Task directions
Print each entry in full, word for word, with no pictures in the result.

Stored items

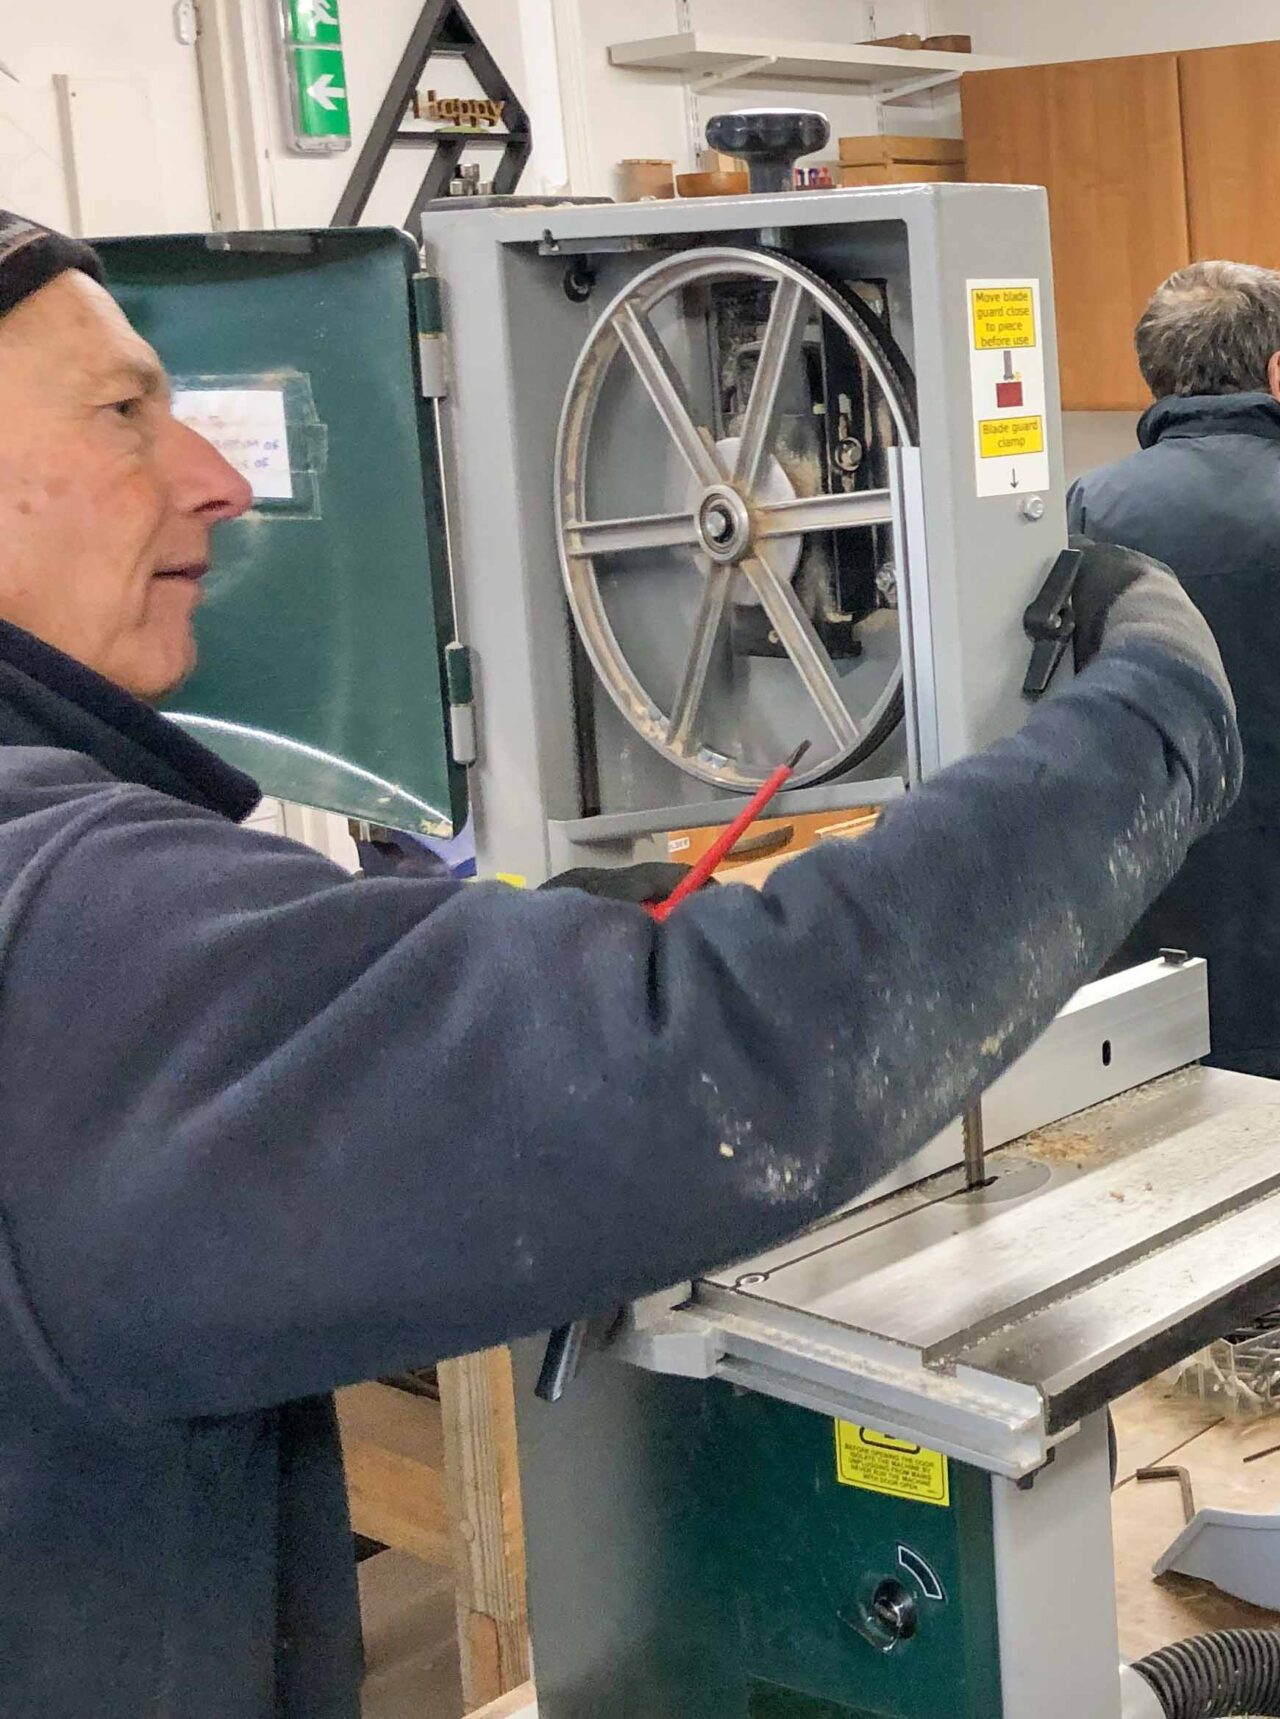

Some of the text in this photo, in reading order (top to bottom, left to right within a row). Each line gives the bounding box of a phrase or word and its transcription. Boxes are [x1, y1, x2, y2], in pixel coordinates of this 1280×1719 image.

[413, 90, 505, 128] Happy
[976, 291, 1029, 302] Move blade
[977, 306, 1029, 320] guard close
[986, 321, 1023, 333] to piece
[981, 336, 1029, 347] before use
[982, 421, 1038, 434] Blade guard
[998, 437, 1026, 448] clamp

Result for this exercise
Some of the text in this photo, in reading order (top to bottom, left to right within a row). Each line gives the bounding box of a phrase or word and its transcription. Boxes are [x1, y1, x2, y2], in pixel coordinates of this 1280×1719 image.

[413, 90, 505, 128] Happy
[976, 291, 1029, 302] Move blade
[977, 306, 1029, 320] guard close
[986, 321, 1023, 333] to piece
[981, 336, 1029, 347] before use
[982, 421, 1038, 434] Blade guard
[998, 437, 1026, 448] clamp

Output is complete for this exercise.